Images for object localization:
************

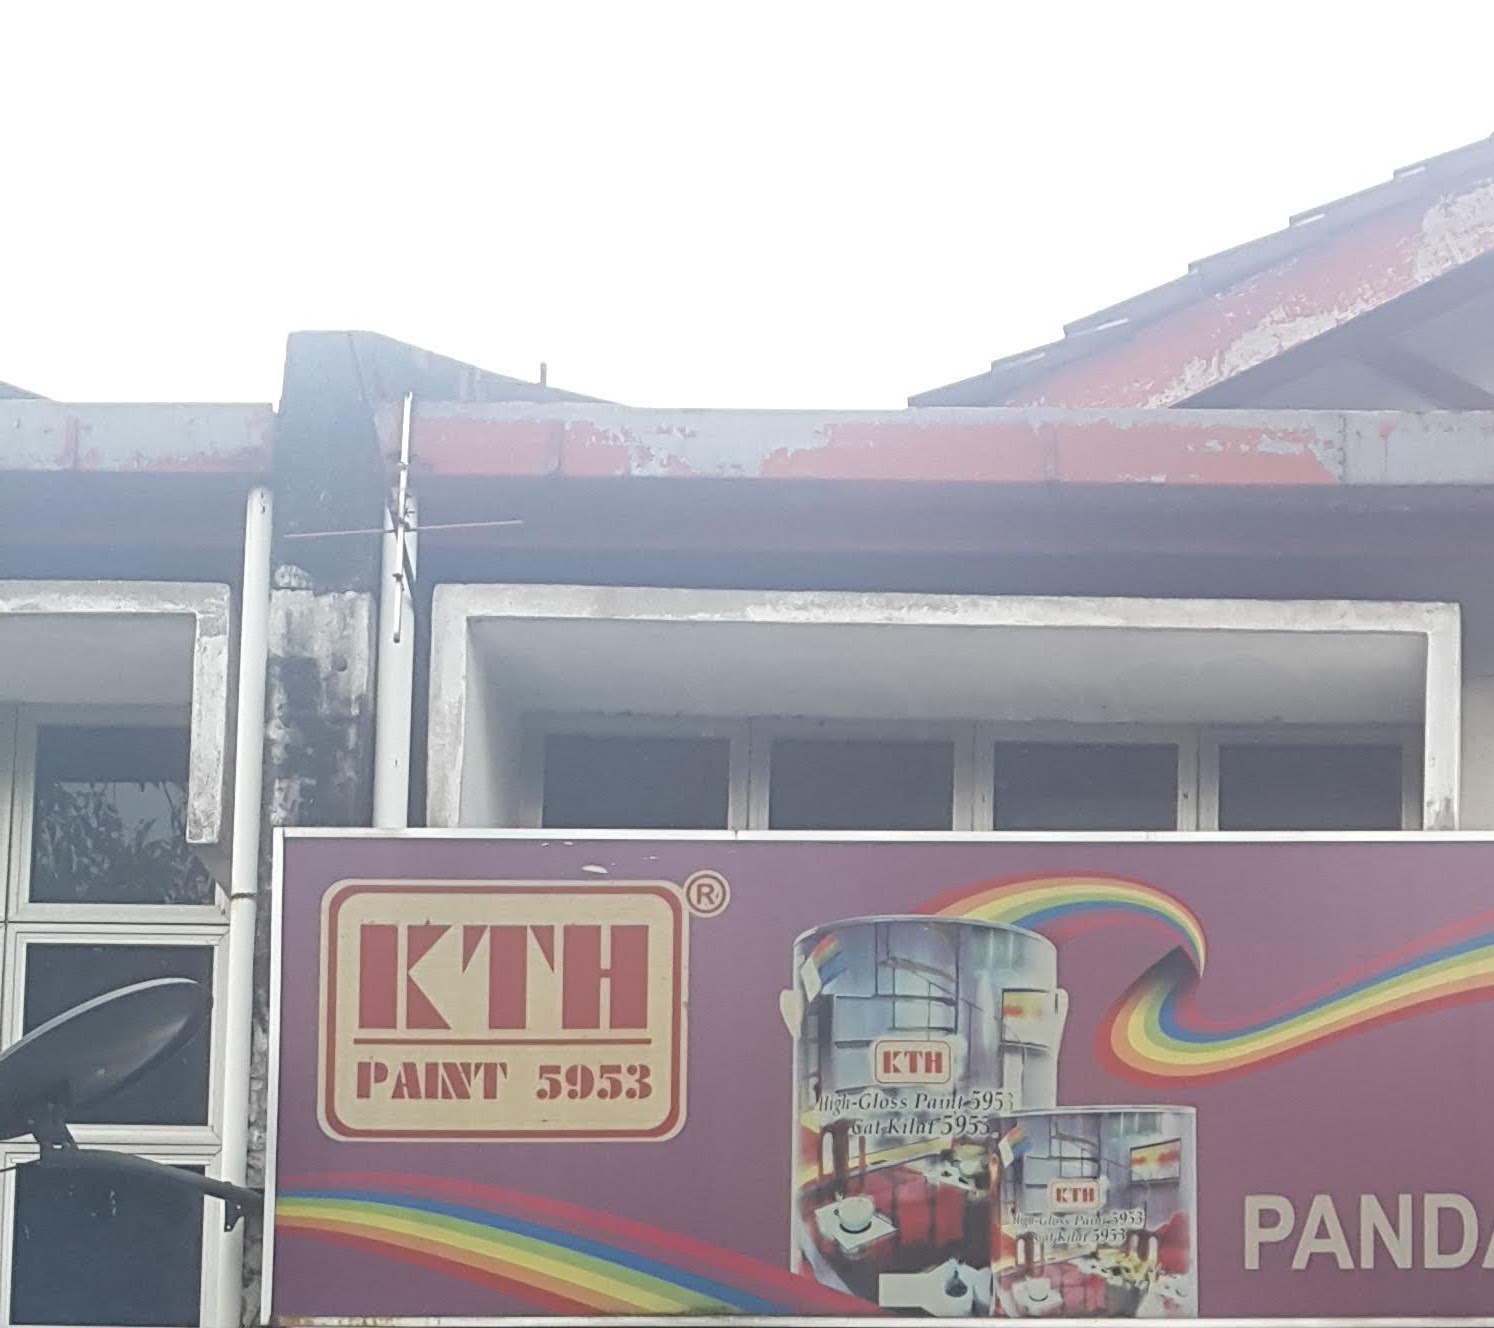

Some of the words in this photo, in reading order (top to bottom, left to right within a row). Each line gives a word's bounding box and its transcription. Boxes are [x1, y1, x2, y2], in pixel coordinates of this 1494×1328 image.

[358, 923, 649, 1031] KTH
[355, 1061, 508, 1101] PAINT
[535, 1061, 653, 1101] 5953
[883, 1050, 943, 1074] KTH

************

A word-for-word copy of the records is required. Leave out every picture.

Some of the words in this photo, in reading order (top to bottom, left to right within a row). Each line gives a word's bounding box and its transcription. Boxes are [x1, y1, x2, y2], in pixel coordinates of this 1494×1328 image.

[358, 923, 649, 1031] KTH
[355, 1061, 508, 1101] PAINT
[535, 1061, 653, 1101] 5953
[883, 1050, 943, 1074] KTH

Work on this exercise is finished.